İşte bu anlamda, yani yabancı kültürlerin tesirinde
kalmama anlamında sahabe ümmi idi. Bu ümmiyetin sahabeye
ait saf Kur’an kültürünün oluşumundaki katkısı inkar
edilemez. Nitekim bu saflardan saf durumun bozulmasında
Yahudi ve Hıristiyan kültürü ile yetişmiş insanların
etkisi çok büyüktür. Üstad’ın, “Ka’bu’l-Ahbar müslüman
olurken, onun mâlumat-ı sabıkası da müslüman olmuştur.”
tespiti bu noktada çok önemlidir.

Aslında burada İnsanlığın İftihar
Tablosu’nun “İnnâ ümmetün ümmiyyetün..” yani “Biz ümmi
bir ümmetiz…” hadisini de zikretmek gerekir. Bence
bu hadisi okuma yazma bilmeme şeklinde değil, başkalarına
ait bilgi kırıntılarıyla zihnin, hafızanın kirletilmemiş
olması şeklinde anlamak lazım. Yoksa Araplar duyduklarını
unutmayan çok zeki bir kavim. Bir gün boyunca hiç ara
vermeden cahiliye dönemine ait şiirleri okuyanlar var.
Hazreti Ebubekir gibi soy ağacını belki 20-30 nesil
geriye götürerek ezbere sayanlar var. İrvaz b. Sâriye’nin
rivayet ettiği; “Efendimiz Sabah namazını kıldı, çıktı
minbere, konuştu konuştu; öğlen vakti geldi, namaz için
ara verdi. Sonra İkindi’ye kadar yine konuştu. İkindi’yi
kıldı, Akşam’a kadar yine konuştu…” hadisindeki o
konuşmaların hepsini hafızasında tutup kelimesi kelimesine
bize rivayet edenler var. İşte bu anlamda ümmi olan
bir ümmet. Başka kültür, başka anlayış, başka mantık
ve başka felsefelere itibarları yok. Kur’an bize ve
her şeye yeter mülahazası ufuklarını kaplamış.
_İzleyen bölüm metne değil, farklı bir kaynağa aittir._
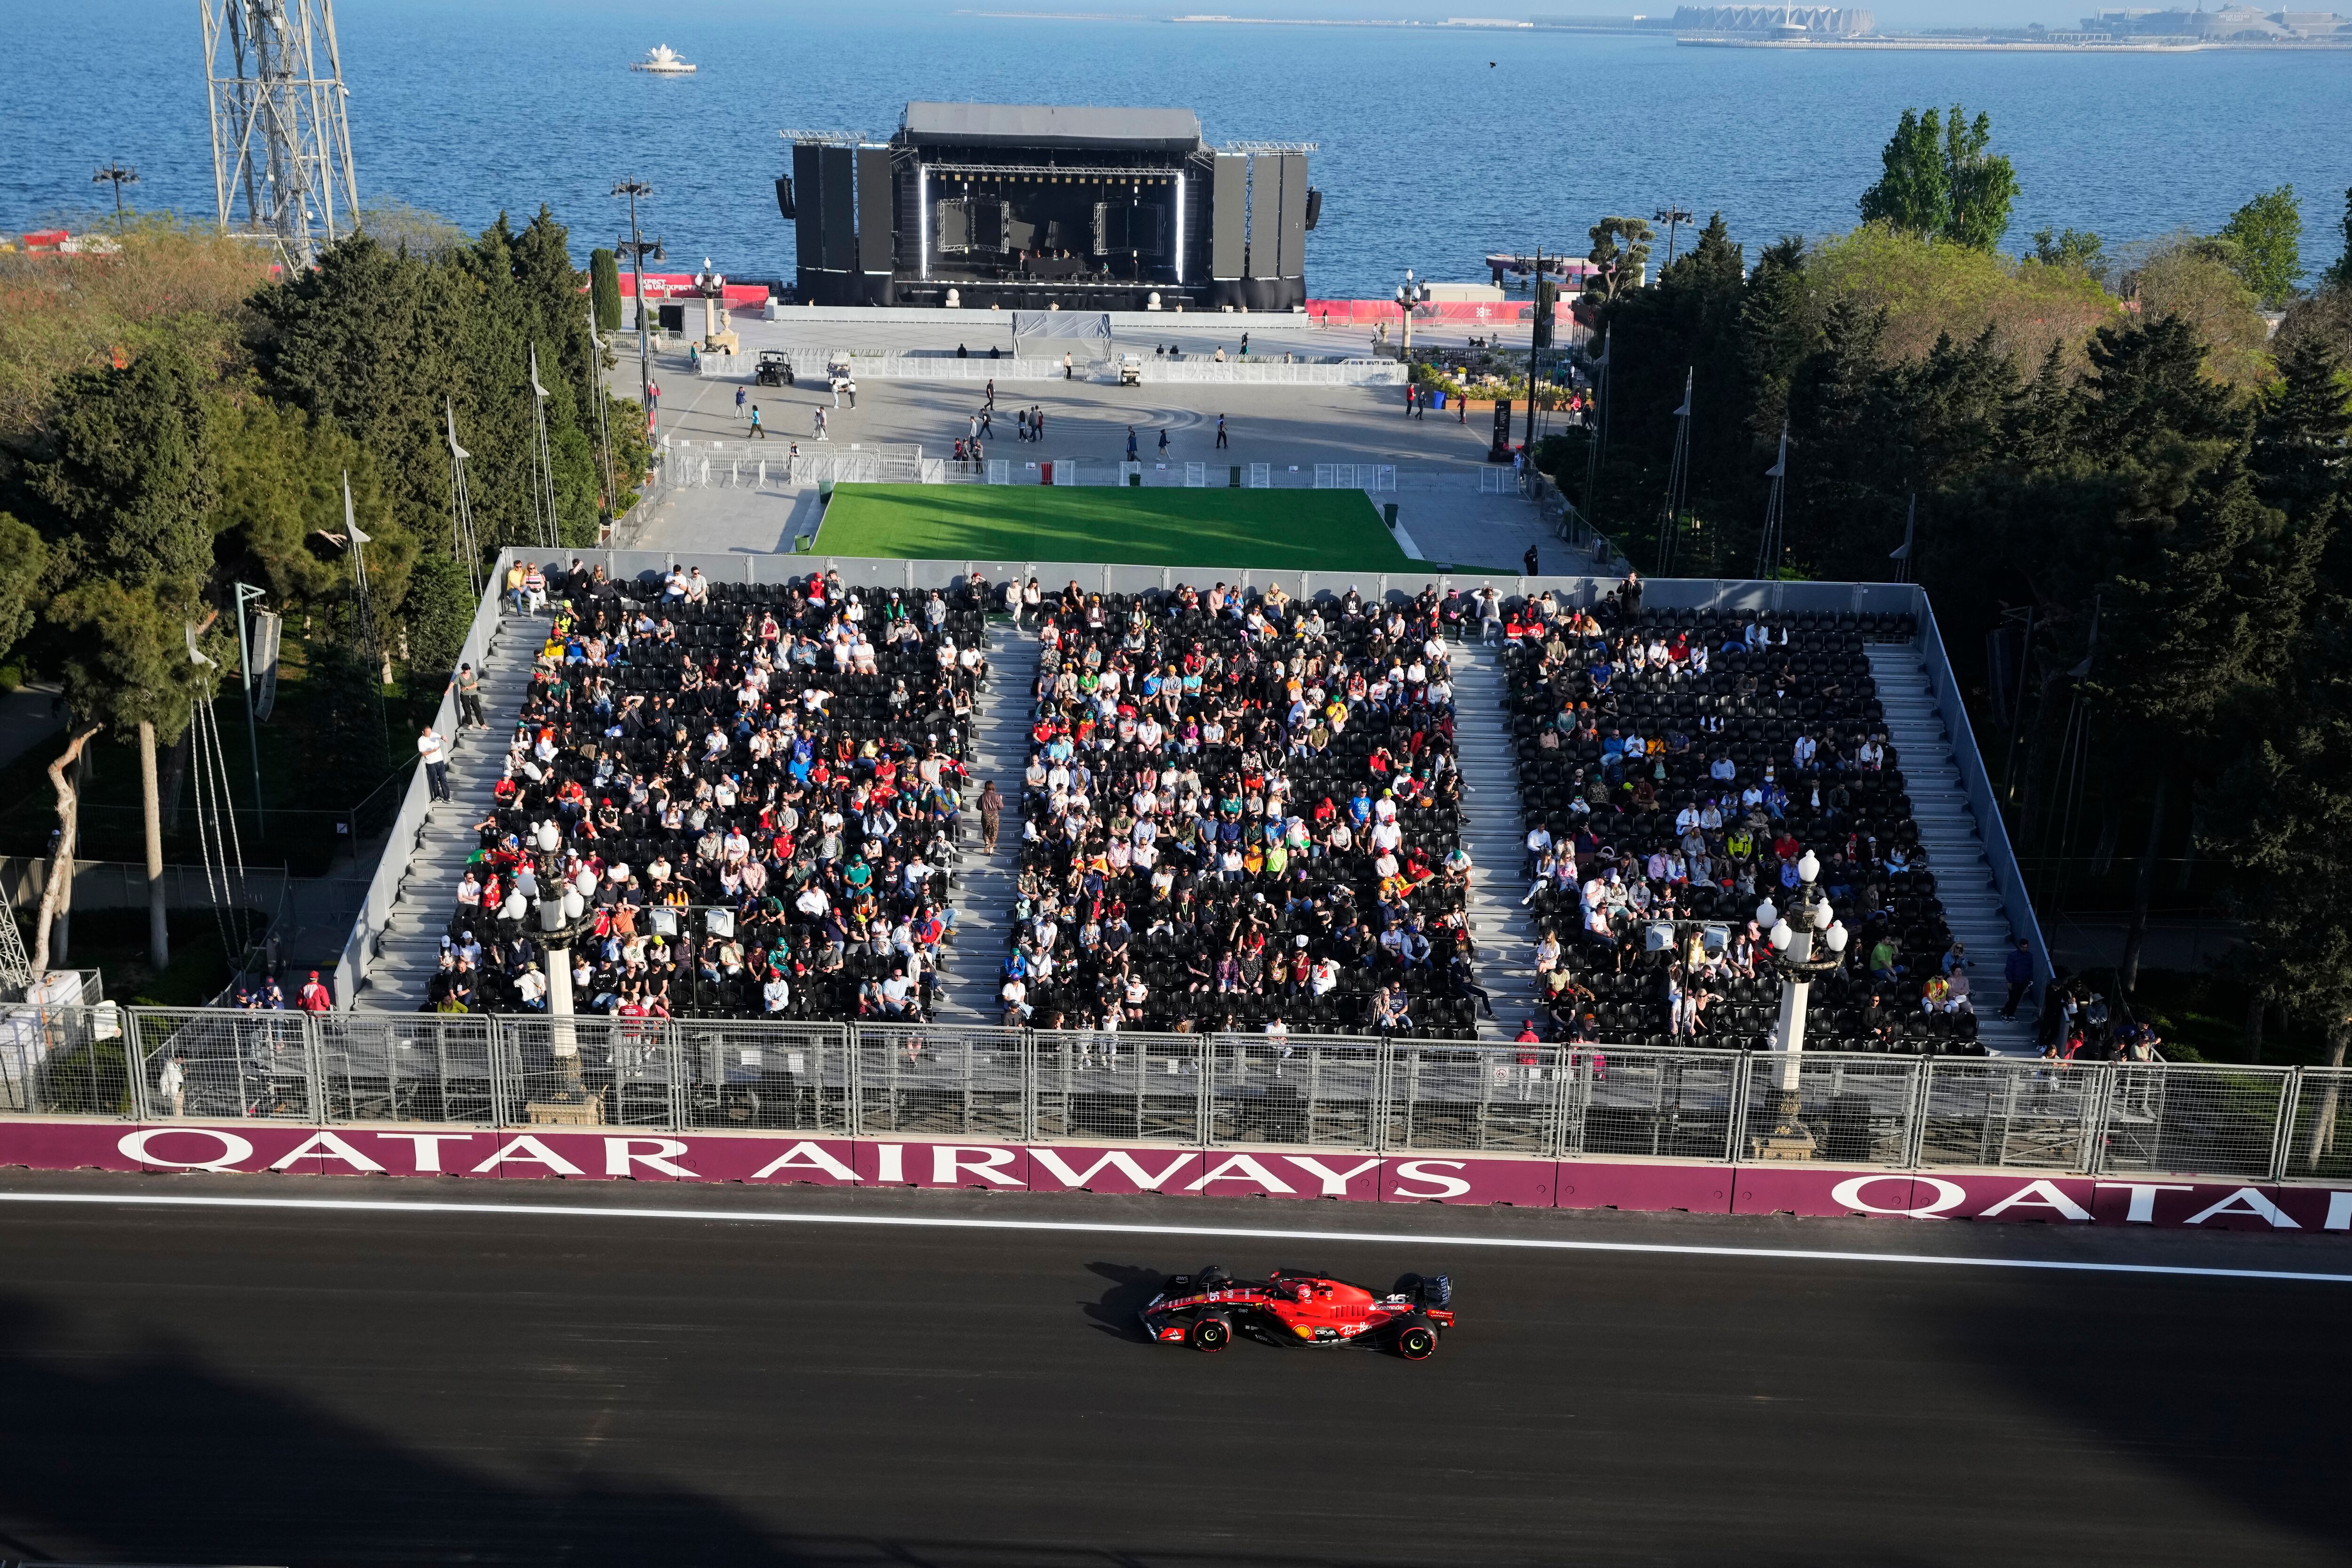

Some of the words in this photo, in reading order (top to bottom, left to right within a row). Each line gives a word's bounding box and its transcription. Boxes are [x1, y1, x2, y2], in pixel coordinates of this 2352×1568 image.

[1348, 601, 1356, 609] NY
[118, 1128, 701, 1178] QATAR
[751, 1141, 1470, 1202] AIRWAYS
[1209, 1291, 1220, 1302] 16
[1387, 1294, 1406, 1304] 16
[1340, 1321, 1373, 1336] Ray-Ban
Soru: Üstad Hazretleri’nin
talebelerinin de ilk dönemleri itibarıyla bir yönüyle
ümmi olmaları aynı esaslara müstenittir diyebilir miyiz?
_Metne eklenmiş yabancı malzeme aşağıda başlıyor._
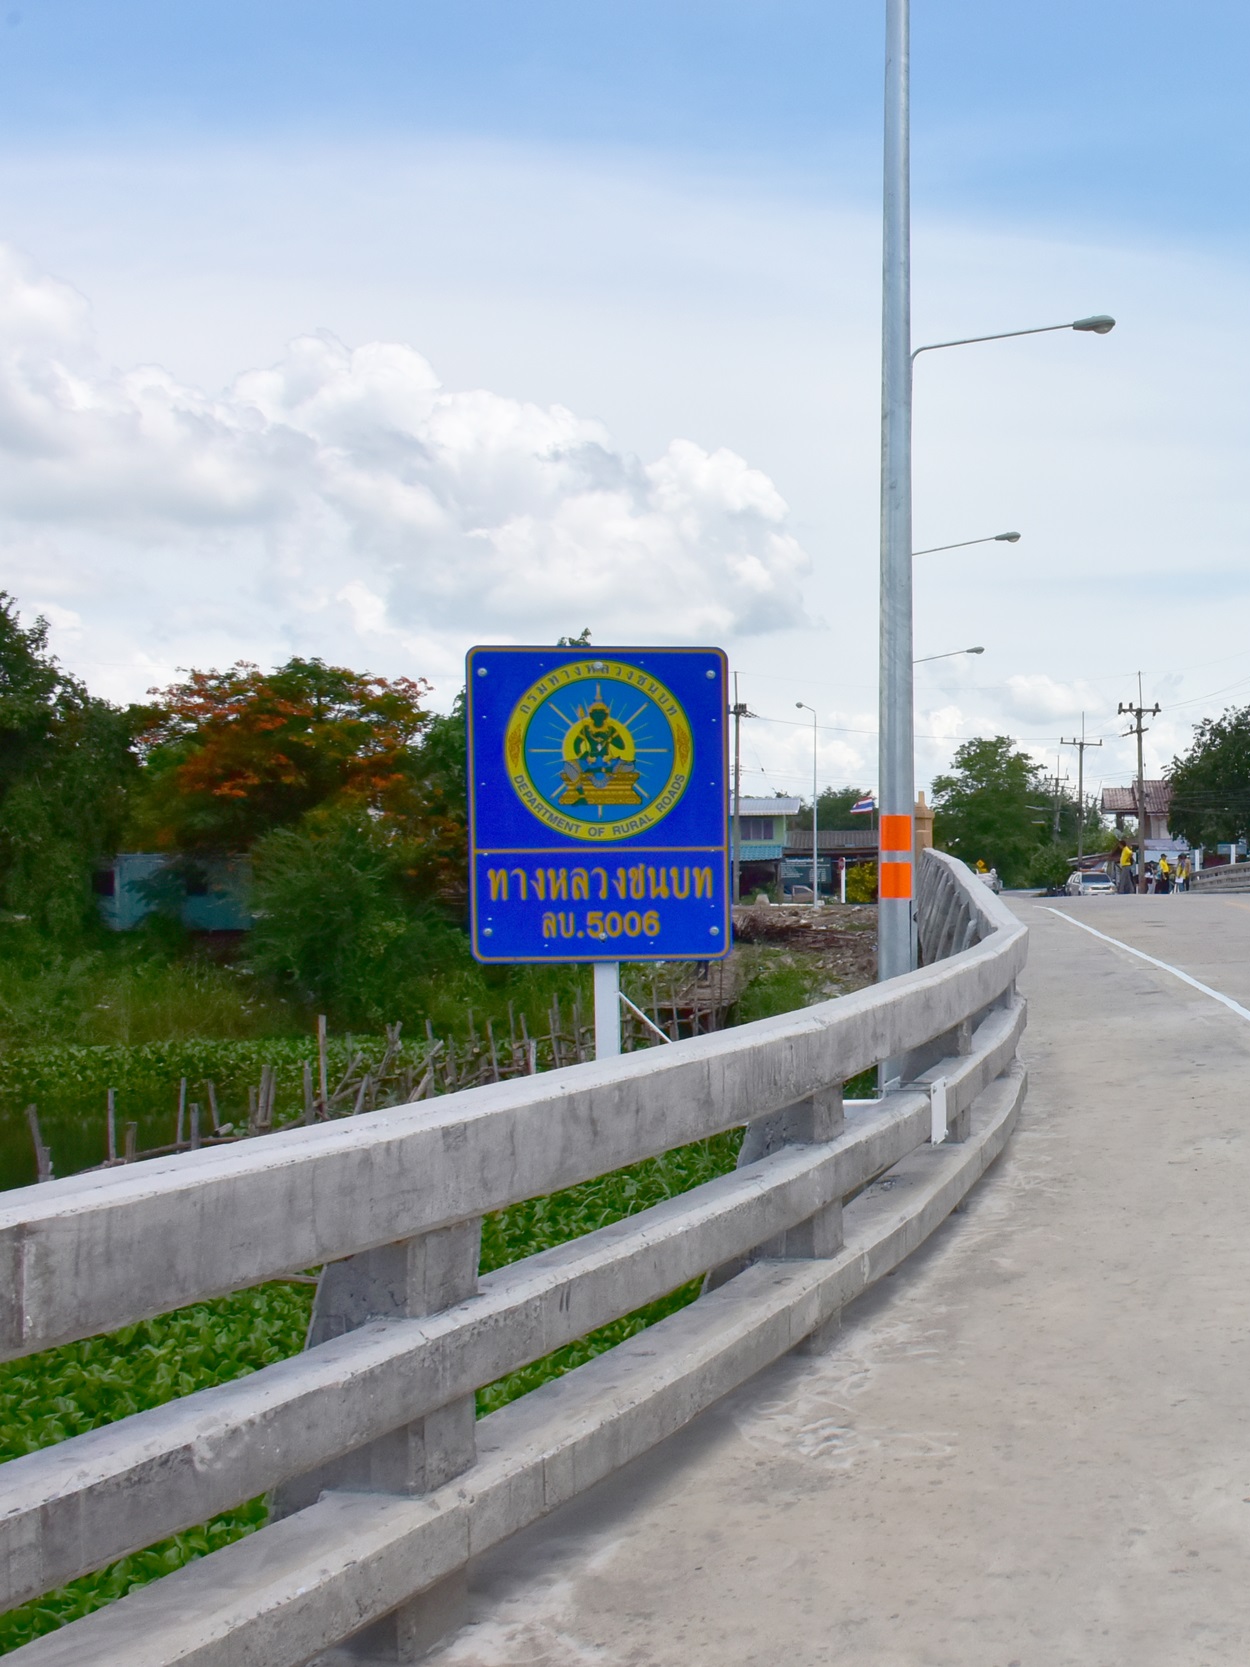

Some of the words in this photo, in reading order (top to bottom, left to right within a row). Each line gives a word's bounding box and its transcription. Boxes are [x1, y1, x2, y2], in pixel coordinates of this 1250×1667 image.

[519, 663, 678, 717] กรมทางหลวงชนบท
[514, 774, 582, 835] DEPARTMENT
[587, 826, 605, 837] OF
[612, 814, 655, 836] RURAL
[656, 773, 686, 814] ROADS
[488, 863, 713, 901] ทางหลวงชนบท
Cevap: Üstad’ın talebelerinin
hepsine ümmi demek doğru bir tespit değil. Hoca Sabri
Efendi, Hulusi Efendi, Hasan Feyzi Efendi, Mehmet Feyzi
Efendi gibi onlarca okumuş, devrinin kültürüne vakıf
talebeleri var. Fakat genele bakınca ümmi demek doğru
olabilir. Bununla beraber onların ümmiliği yarım ümmilik.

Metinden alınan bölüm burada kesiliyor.